Помню, как, изучая по школьной программе «Молодую гвардию» Александра Фадеева [5], меня просто пронзил, в хорошем смысле, образ Ульяны Громовой, чьи прекрасные внутренний строй и внешность были мастерски углублены автором прекрасной лилией в воде и в волосах героини романа… И – ужасающая противоположность в том же романе: чудовище в облике офицера-фашиста, в принципе, обожавшего живое: собак, и одновременно циничного убийцу людей, собиравшего с убиенных и замученных снятые с них драгоценности – в кармашки своего грязного, липкого, даже склизкого нательного пояса…
Вечный вопрос борьбы Красивого и Ужасного, Добра и Зла.
У Шиллера интерес к этико-эстетическим вопросам был не столько с философских позиций, сколько через социум и культуру. Он считал, что человек как самостоятельное естественное существо стал «теряться», утрачивать универсальность своей природы, свои добрые качества с развитием цивилизации. Именно с ее прогрессом каждый индивидуум вынужден упираться в свой «островок», или клочок пространства, выделяемый ему временно цивилизацией, и, отягощенный однообразной работой в борьбе за существование, уже не может видеть мир во всем его многообразии, красоте и прелести, и душа его как бы свёртывается, сохнет, не подпитываемая прекрасным извне, потому что человек становится как бы узником малого пространства – «…вечно прикованный к малому обломку целого», по словам самого Шиллера, – и поэтому не в состоянии развить свою внутреннюю гармонию [6]…
О широком распространении синтеза этического и эстетического как универсального для всех культур метода миропонимания известно задолго до нашей эры в разных точках земного шара, от Древней Греции и Рима до Непала, Китая, Индии…

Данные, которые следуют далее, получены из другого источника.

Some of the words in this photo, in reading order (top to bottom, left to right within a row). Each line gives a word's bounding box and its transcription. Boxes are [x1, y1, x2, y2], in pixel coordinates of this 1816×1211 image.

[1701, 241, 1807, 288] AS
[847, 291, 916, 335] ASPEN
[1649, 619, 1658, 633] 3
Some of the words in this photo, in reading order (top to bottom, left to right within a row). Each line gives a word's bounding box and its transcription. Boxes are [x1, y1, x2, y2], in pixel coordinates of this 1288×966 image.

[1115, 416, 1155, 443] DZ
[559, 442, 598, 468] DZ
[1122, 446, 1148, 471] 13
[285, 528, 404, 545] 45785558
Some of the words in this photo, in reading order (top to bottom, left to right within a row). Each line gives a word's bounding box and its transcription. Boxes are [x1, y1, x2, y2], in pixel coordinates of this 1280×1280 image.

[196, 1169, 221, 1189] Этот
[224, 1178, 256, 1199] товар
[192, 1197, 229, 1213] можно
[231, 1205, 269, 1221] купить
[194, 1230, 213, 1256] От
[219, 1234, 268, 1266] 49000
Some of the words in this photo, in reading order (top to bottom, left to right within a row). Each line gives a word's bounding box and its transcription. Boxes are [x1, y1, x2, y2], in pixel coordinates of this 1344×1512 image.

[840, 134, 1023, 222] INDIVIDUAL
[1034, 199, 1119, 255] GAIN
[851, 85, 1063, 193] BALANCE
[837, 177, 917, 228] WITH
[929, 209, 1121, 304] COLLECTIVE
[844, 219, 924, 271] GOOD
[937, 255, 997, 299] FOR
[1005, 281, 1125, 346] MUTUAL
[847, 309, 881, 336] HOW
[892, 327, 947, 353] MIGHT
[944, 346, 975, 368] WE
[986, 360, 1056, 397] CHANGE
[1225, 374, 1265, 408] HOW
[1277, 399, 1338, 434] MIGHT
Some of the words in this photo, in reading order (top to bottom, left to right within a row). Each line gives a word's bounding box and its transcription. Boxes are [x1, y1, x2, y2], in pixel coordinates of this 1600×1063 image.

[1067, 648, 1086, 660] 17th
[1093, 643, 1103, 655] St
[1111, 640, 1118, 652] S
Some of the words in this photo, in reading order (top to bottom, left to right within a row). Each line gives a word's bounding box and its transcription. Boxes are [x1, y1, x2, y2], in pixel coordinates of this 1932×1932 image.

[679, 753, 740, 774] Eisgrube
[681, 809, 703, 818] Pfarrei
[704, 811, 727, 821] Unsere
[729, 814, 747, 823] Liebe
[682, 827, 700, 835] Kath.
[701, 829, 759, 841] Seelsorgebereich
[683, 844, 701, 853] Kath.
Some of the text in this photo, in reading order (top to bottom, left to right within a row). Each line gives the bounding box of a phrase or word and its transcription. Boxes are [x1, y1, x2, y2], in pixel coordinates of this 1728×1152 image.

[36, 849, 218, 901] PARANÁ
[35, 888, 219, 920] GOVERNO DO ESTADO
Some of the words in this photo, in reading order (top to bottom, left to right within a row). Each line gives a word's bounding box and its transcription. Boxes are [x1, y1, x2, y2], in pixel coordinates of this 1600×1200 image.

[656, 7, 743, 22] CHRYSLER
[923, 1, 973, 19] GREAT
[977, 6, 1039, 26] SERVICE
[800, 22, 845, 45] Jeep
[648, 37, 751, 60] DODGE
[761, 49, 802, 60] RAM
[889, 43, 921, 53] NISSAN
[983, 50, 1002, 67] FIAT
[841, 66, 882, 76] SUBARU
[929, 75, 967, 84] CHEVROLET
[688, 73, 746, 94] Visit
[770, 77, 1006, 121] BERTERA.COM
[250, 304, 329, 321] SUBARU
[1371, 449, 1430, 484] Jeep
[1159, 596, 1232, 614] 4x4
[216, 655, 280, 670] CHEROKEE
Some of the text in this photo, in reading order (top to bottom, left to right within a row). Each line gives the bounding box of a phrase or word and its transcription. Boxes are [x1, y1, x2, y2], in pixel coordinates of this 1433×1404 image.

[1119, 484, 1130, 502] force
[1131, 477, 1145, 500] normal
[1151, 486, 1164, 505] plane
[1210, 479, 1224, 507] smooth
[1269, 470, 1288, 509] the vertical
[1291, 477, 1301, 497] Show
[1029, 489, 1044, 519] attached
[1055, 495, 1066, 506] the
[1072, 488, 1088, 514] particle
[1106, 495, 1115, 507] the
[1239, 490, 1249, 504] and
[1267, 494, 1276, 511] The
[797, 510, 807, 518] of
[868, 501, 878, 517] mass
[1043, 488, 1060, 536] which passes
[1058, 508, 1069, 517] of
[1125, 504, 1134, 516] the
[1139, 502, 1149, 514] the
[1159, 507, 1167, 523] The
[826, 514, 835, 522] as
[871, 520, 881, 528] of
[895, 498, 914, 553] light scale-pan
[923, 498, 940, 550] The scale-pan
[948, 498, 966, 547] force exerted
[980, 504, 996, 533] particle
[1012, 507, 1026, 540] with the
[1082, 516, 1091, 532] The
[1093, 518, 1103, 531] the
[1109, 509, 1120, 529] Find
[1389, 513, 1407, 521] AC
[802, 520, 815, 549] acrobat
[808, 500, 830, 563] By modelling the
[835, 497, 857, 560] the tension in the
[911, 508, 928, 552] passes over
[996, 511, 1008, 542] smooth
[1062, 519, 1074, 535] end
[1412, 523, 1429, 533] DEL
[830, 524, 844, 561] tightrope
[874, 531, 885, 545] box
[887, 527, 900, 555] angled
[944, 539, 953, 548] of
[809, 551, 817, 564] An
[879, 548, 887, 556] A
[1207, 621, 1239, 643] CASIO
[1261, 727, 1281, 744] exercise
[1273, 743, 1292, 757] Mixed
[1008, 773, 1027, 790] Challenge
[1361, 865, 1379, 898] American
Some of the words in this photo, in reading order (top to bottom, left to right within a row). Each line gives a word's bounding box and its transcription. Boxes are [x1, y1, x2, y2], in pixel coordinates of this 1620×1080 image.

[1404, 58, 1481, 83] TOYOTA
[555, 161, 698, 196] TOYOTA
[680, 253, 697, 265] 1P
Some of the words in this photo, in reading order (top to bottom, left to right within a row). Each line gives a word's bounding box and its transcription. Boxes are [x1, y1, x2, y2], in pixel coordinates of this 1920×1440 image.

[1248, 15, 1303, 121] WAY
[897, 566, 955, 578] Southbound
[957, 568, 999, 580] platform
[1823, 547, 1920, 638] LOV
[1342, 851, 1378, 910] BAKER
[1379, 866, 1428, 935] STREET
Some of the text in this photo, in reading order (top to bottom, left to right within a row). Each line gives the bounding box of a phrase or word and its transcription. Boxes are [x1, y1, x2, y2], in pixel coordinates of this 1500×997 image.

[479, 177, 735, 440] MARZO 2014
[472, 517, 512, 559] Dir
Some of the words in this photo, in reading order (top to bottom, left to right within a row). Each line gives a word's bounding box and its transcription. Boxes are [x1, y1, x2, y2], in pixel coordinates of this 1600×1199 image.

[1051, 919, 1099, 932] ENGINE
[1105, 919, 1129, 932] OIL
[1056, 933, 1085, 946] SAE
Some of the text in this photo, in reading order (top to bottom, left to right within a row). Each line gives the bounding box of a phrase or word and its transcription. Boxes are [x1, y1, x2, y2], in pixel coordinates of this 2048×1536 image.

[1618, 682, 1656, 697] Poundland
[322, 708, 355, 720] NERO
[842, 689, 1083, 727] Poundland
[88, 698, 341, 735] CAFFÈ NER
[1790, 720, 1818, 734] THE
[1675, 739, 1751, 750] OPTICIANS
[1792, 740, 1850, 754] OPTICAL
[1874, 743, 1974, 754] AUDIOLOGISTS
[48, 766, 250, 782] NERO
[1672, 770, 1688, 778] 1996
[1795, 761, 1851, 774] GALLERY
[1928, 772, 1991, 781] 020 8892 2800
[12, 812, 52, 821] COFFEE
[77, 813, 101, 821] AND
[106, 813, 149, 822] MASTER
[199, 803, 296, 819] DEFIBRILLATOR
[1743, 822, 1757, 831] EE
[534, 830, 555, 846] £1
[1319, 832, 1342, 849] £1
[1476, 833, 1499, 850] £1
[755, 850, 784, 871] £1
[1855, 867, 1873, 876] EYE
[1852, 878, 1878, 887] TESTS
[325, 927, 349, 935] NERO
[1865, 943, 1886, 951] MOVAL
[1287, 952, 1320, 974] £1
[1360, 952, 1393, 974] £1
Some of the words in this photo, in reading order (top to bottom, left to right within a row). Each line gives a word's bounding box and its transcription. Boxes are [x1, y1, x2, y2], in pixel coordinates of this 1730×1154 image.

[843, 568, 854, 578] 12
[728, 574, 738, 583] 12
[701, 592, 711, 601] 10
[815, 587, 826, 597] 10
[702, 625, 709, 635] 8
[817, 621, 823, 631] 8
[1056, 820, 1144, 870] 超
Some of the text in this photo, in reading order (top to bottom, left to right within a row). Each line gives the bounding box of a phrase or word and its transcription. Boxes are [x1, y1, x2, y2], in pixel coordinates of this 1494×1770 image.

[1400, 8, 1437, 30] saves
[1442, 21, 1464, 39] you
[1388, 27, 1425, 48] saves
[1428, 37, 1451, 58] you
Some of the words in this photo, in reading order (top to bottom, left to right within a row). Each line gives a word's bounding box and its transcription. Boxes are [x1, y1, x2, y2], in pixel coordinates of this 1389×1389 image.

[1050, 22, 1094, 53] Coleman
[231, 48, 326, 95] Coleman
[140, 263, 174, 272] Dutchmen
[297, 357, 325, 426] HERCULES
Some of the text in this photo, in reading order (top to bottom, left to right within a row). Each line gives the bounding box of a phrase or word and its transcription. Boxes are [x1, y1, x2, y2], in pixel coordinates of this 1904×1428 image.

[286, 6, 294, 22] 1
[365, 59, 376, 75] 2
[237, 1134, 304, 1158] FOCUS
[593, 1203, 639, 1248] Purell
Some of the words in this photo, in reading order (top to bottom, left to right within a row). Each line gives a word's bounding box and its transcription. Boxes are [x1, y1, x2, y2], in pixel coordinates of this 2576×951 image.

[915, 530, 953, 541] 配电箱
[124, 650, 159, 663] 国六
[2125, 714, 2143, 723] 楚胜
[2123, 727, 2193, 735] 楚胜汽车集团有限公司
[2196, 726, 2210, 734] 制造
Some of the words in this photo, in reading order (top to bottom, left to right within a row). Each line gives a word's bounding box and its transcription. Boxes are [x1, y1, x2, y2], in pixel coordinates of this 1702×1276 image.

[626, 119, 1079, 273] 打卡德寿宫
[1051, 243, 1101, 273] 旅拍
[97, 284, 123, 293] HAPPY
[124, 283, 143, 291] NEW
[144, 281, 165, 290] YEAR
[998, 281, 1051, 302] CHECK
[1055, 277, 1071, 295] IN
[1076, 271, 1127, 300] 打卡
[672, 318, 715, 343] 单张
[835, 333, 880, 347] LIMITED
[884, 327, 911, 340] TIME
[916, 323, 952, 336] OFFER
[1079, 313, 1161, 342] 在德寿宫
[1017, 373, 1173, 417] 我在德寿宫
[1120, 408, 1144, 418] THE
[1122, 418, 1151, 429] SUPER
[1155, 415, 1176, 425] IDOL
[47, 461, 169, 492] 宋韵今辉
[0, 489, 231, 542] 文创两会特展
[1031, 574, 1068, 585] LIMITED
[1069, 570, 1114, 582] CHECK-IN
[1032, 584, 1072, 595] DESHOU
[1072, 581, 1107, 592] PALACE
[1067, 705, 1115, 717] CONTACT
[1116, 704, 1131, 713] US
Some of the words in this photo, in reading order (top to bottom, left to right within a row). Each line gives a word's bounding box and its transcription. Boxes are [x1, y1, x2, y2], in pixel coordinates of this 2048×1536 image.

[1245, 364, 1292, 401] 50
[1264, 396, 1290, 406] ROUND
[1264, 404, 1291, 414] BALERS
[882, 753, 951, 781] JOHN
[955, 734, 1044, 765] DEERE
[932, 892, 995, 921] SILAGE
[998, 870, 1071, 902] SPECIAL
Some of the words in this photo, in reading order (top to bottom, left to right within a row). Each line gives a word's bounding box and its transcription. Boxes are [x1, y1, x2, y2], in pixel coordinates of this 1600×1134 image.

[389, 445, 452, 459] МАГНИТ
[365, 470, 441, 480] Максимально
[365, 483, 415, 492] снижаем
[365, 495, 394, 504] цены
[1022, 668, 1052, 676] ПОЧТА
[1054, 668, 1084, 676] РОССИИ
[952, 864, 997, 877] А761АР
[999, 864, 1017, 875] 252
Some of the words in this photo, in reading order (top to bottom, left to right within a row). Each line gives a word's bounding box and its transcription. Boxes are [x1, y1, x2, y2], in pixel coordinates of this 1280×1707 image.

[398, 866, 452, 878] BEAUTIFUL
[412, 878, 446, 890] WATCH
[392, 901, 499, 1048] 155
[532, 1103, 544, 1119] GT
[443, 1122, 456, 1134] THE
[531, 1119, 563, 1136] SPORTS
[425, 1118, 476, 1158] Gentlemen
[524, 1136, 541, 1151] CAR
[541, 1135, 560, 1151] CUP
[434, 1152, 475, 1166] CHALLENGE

В нравственно-эстетической сущности буддийского мировоззрения приоритет стоит за этически разумным человеком, чьим кредо не являются алчность, философия личного эгоизма. Отсюда у сторонников буддизма возникает чувство сострадания ко всему живому и ощущение всеединства мира. На современном этапе развития межгосударственных политических отношений это очень важно для конструктивного развития диалога Восток – Запад. Буддийская концепция спасения мира держится на стремлении с позиций философских представлений о Красоте, Гармонии и ценности мира уничтожить человеческий эгоизм, то есть принять вместо антропоцентризма Гармонию Единого. А это и связано непосредственно с этическими и эстетическими категориями в их неразрывности.
Древний китайский философ Кун-цзы, известный как Конфуций (551–479) принял за социальный идеал благородного человека: высокоморального, с обостренным чувством долга, готового пожертвовать собой ради убеждений, праведно уважающего старших. И хотя этическое в этом учении выше эстетического, тем не менее синтез этих категорий определяется общим в них понятием «доброе». Хотя именно Сократа (470–399 гг. до н. э.) считают основателем этики. Но он же внес в философию эстетические оценки человека по объективным качествам – различным добродетелям. Как эстетик он объединил во взаимосвязанный клубок этическое и эстетическое, нравственное и прекрасное. Идеал Сократа – это человек, прекрасный духом и телом.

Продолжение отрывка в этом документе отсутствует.